Assim levamos duas eternidades, ou três. Não sinto fome e nem sede.
De repente, algo muda de tom. Meus olhos não estão embaçados e aquela vibração enjoativa deixa meu corpo. Vejo casas e fios de energia, é uma paisagem nova. O autofalante anuncia que estamos de volta. Segundos depois a luz do mundo se acende, como se o sol estivesse dormindo como os outros. Estou provisoriamente cega.
Passeio meus dedos pelo meu rosto, checando se cada linha está no lugar. Só depois disso consigo soltar o ar dos meus pulmões e agradecer por ter saído intacta.
Salto na próxima estação, quero caminhar até minha casa. O problema em questão, é que as ruas estão assombradas. O céu tem um tom errado de azul. O vento tem uma temperatura esquisita e carrega um odor de pele, sangue e anomalia. Ao meu redor, insetos emergem e buscam novas superfícies, eles não querem tocar a terra. Preciso ser cuidadosa para não virar abrigo.

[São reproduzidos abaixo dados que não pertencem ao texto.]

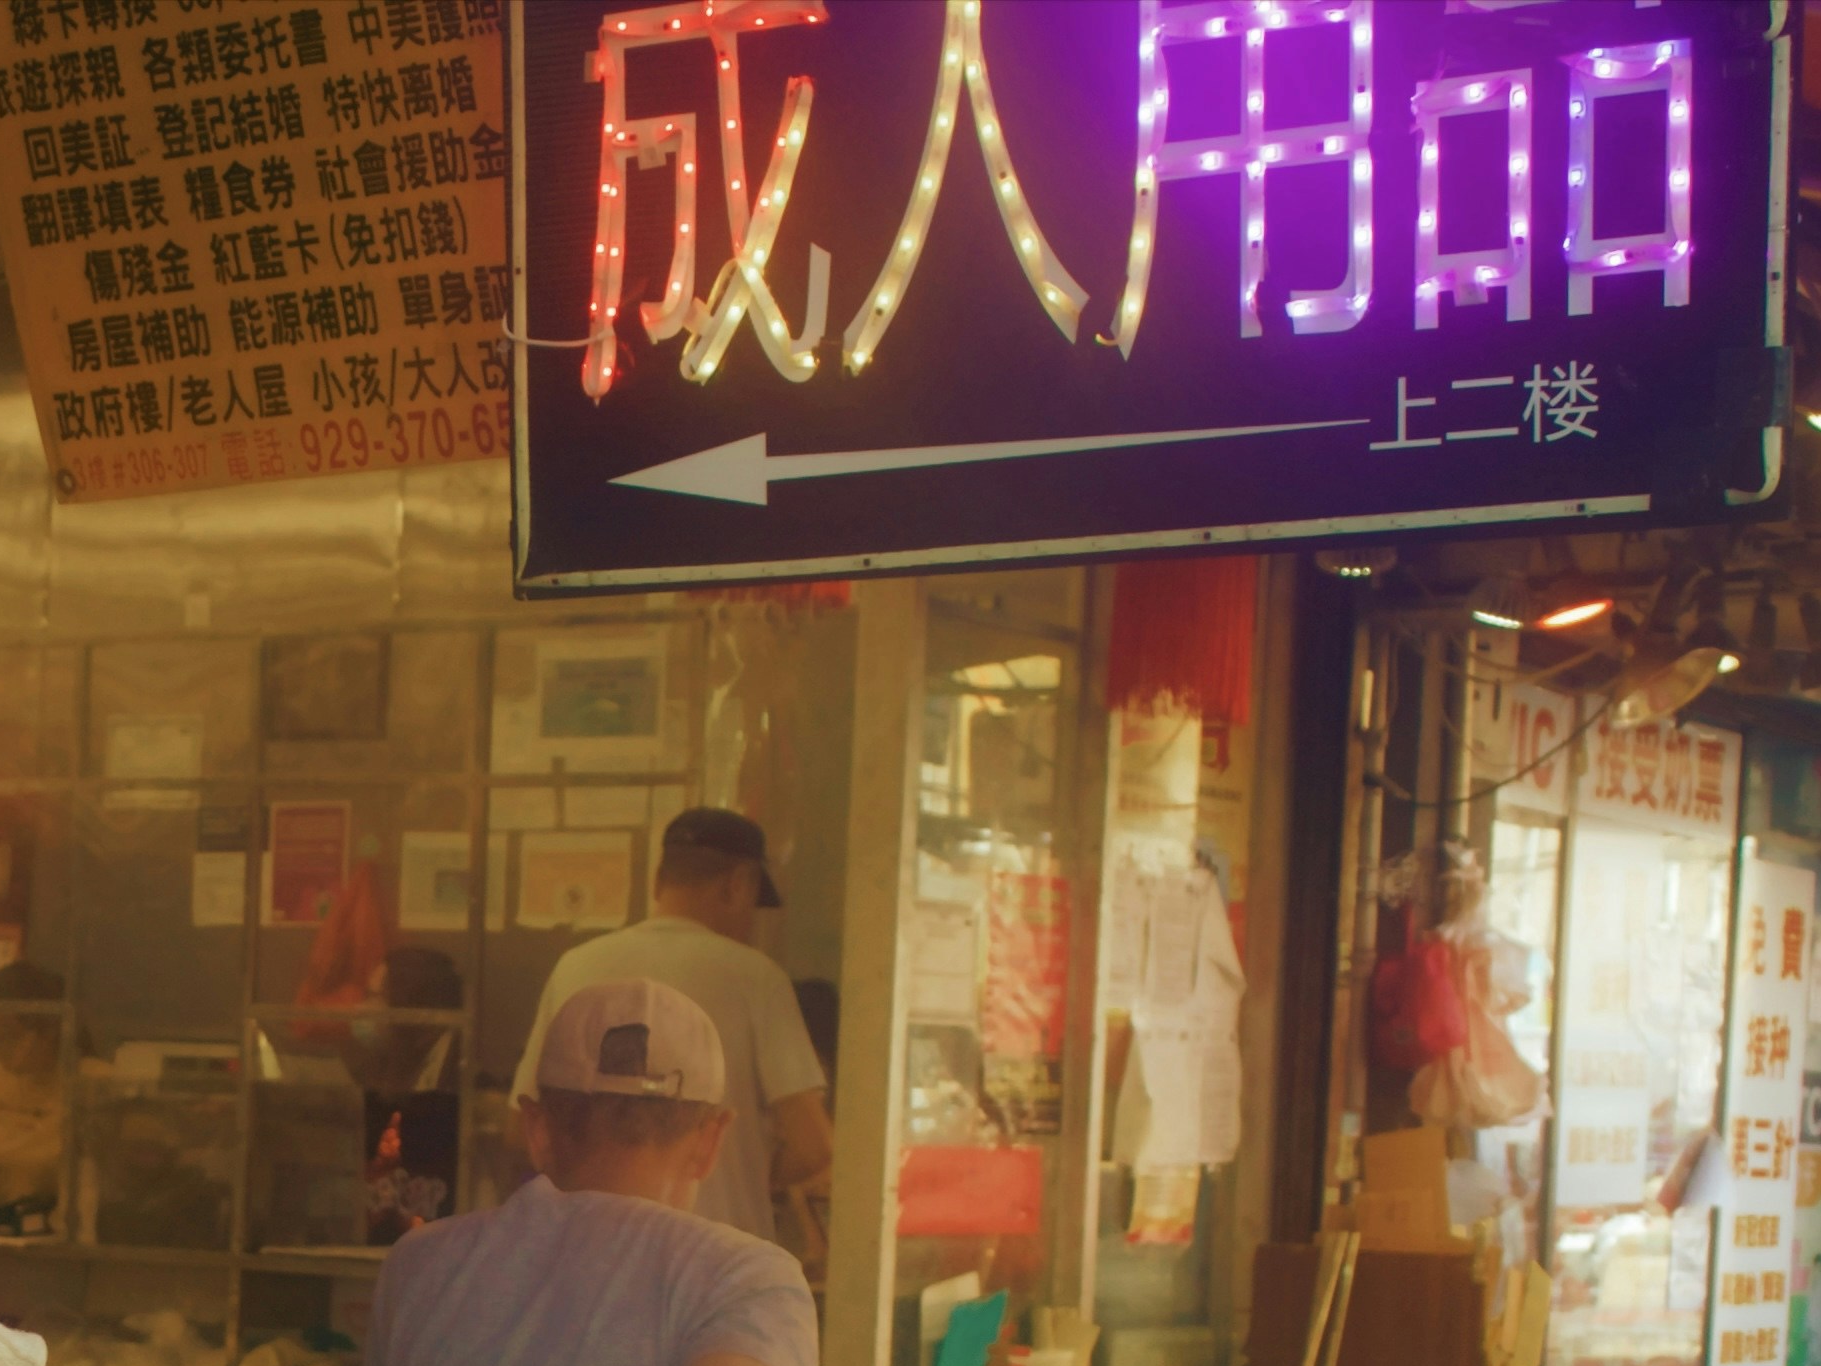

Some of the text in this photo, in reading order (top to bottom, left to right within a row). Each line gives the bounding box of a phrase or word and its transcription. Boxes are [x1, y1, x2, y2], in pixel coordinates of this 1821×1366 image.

Minha cidade é vazia, feia e fedorenta, tem som de grito e música clássica. Uma amiga de infância está sentada no meio fio, cansada demais para levantar. Os insetos a evitam, e isso é apenas uma das coisas que não entendo e não pergunto. O cabelo disfarça o buraco da bala que atravessou seu crânio. Eu nunca perceberia, se ela não me contasse. Lembro de ter lhe dado a maior das broncas. “E se eles repetissem?”. Só depois ela contou que precisou morrer umas cem vezes, e é por isso que ainda estava tão cansada. Morra e eles o trarão de volta, se mate e eles o castigarão. “Não vê o que aconteceu com aqueles três meninos? Eles ainda estão lá, eu ouvi os gritos. Você não sabe a sorte que tem”. Ela me olha e me sorri. Seus olhos são brilhantes e vivos, seu rosto tem aquele tom avermelhado que lembra saúde infantil. Penso nas palavras de Sophia, e repito como prece “ Que nenhum deus se lembre do teu nome”. Despeço-me e saio, preciso chegar em casa antes do fim do dia.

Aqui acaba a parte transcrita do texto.